Dalam kesempatan itu, Babe Haikal menyatakan pihaknya berkolaborasi dengan Kementerian Pariwisata, selama setahun terakhir telah mengeluarkan sebanyak 31.548 sertifikat halal bagi para pelaku UMKM di sebanyak 116 desa wisata seluruh Indonesia.
Ia menegaskan, sertifikat halal ini penting tidak hanya untuk umat muslim saja, namun juga untuk semua kalangan masyarakat. Karena menurutnya sertifikasi halal sebuah produk sangat berkaitan dengan transparency (transparansi) traceability (ketertelusuran) dan trustbility (kepercayaan).

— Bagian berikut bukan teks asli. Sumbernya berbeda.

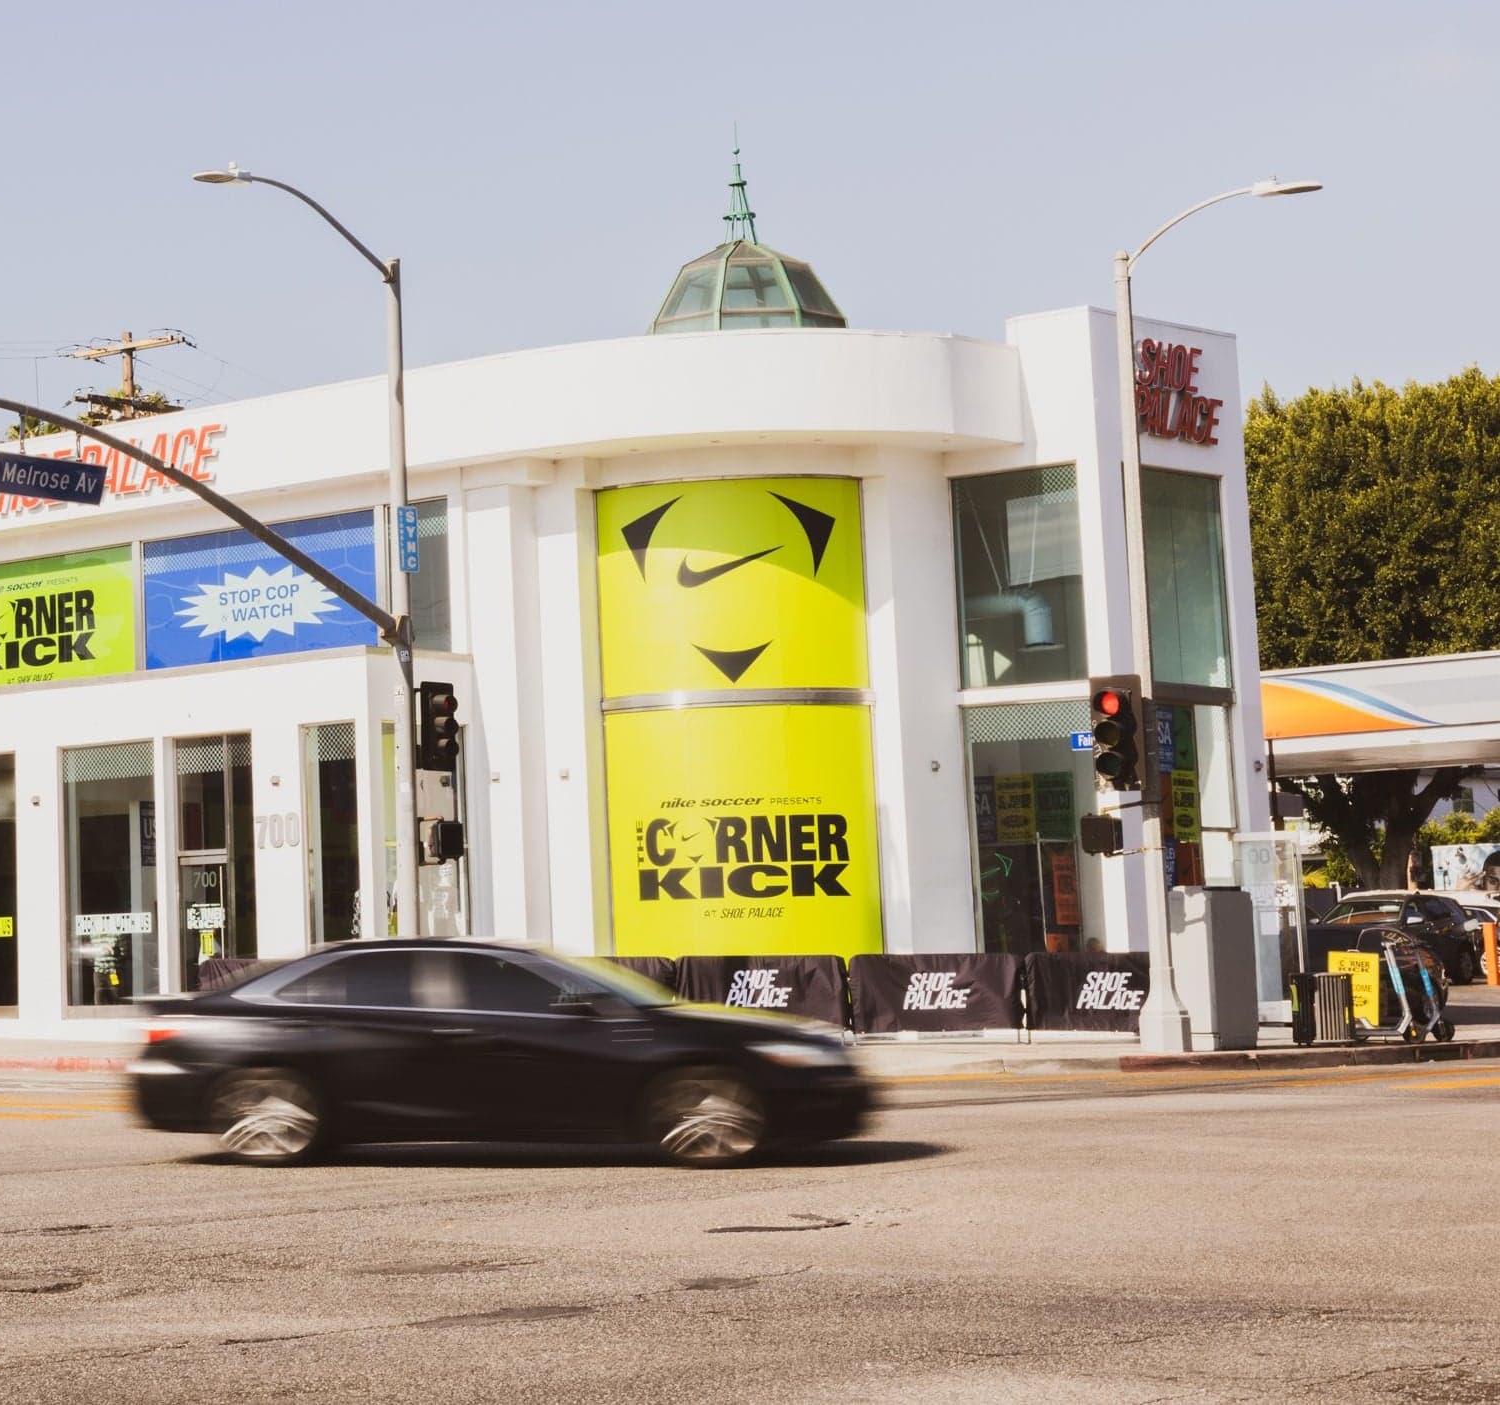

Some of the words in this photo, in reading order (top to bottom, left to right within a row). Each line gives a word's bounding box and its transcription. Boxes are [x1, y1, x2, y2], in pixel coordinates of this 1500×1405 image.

Desa Wisata Halal Boleh Jual Produk Haram
Dengan prinsip tersebut Hailkal bahkan menyebut sebuah desa wisata halal tetap boleh menjual produk makanan atau minuman haram asalkan memberikan keterangan jelas terhadap setiap produk yang dijual.
“Jangan salah perhatian soal halal. Halal tidak untuk umat muslim saja. Tapi untuk semua. Desa wisata halal terus ada alkohol. Silakan. Tapi cantumkan logo alkoholnya berapa, kadarnya berapa persen. Dan tidak boleh dibeli anak 21 tahun dan sebagainya,” katanya.
“Desa wisata halal jual pork (babi) silahkan. Asal cantumkan logonya dan sampaikan ini non-halal. Jelaskan ingredience-nya itu. Jadi bukan berarti menghambat. Tapi semua jelas,” imbuhnya.
Dengan adanya transparansi yang jelas, serta keterlacakan yang dapat dipertanggungjawabkan, diharapkan setiap produk UMKM di Indonesia akan dapat dipercaya masyarakat.
“Ketika masyarakat sudah percaya dengan produk kita maka uangnya tidak akan ke mana-mana. Inilah yang disebut kemandirian bangsa,” katanya.
Haikal sendiri menyebut saat ini banyak sekali produk impor dari luar negeri seperti Cina, Korea, hingga Eropa masuk ke Indonesia dengan mencantumkan logo halal.
Jika produk UMKM Indonesia tidak memiliki sertifikat halal, maka akan dapat kalah bersaing dengan produk impor tersebut. Sehingga upaya percepatan sertifikasi halal harus terus dilakukan.
Dengan berbagai upaya yang dilakukan termasuk pengurusan sertifikasi halal gratis ia pun menargetkan semua pelaku UMKM di setiap desa wisata di Indonesia akan bisa menerima sertifikat halal.
“Tahun ini untuk DIY kita siapkan 6000 sertifikasi halal gratis bagi pelaku UMKM di DIY,” katanya.